Im trying to solve the following differential equation: $\frac{dP}{dt} = 8P-(6+ \frac{P}{2500})P$.
I think this might be possible using partial fractions somehow but my attempt so far is:
$$\begin{align}\frac{dP}{dt} &= 2P- \frac{P^2}{2500} \\ \frac{dP}{2P + \frac{P^2}{2500}} &= t+c \\ \ln\left|2P + \frac{P^2}{2500}\right| &= t+c \end{align}$$ - this is about as far as i can get
Any help will be appreciated
edit: I tried a partial fractions approach but didn't get very far
$$\frac{dy}{dx} = 2y - \frac{y^2}{2500}$$
There are a few issues with the attempted solution: (1) The coefficients of $P, P^2$ in the simplification of the given differential equation are wrong. (2) The integration of the differential in $dP$ is incorrect.

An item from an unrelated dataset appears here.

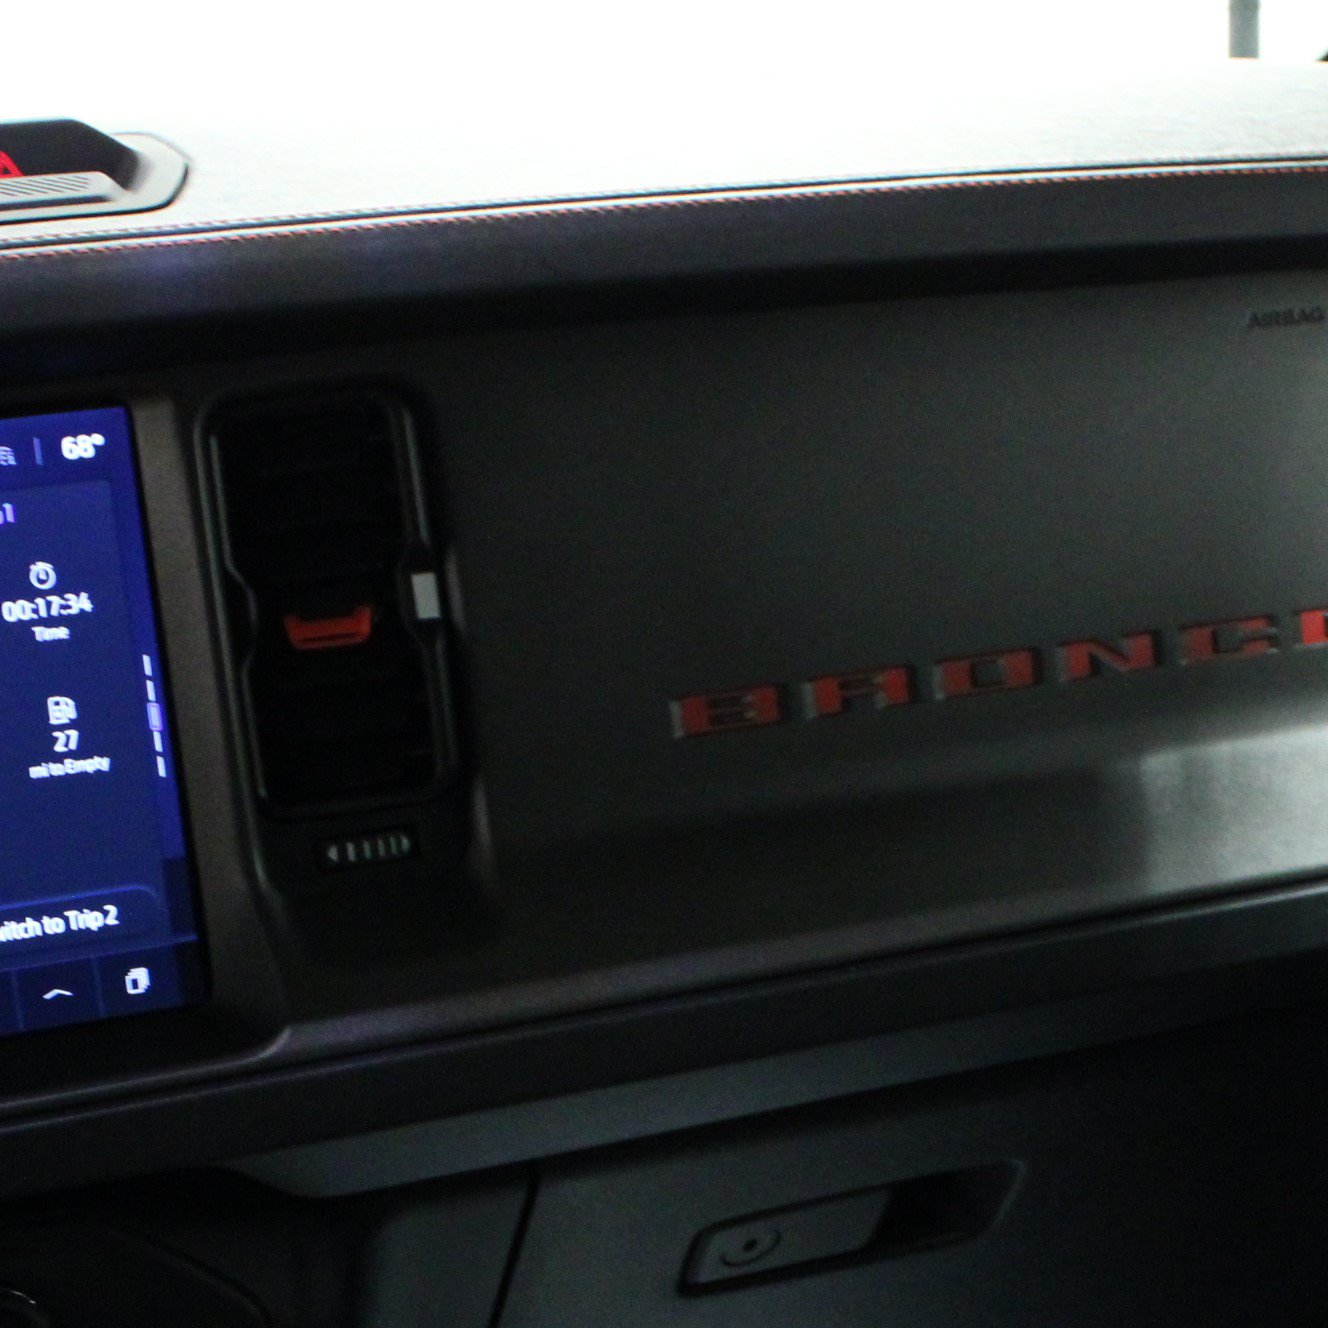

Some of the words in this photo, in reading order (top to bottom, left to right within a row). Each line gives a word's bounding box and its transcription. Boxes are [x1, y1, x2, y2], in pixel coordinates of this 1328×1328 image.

In any case, we can write the differential equation in the form $$\frac{dP}{dt} = r P + s P^2$$ for some constants $r, s$, and integrating gives $$\int \frac{dP}{r P + s P^2} = \int dt .$$
To apply the method of partial fractions, we factor the denominator: $r P + s P^2 = P (r + s P)$. Then, (for $r \neq 0$) we can write the integrand of the integral w.r.t. $dP$ as $$\frac{1}{r P + s P^2} = \frac{A}{P} + \frac{B}{r + sP}$$ for constants $A, B$ we can find explicitly in terms of $r, s$.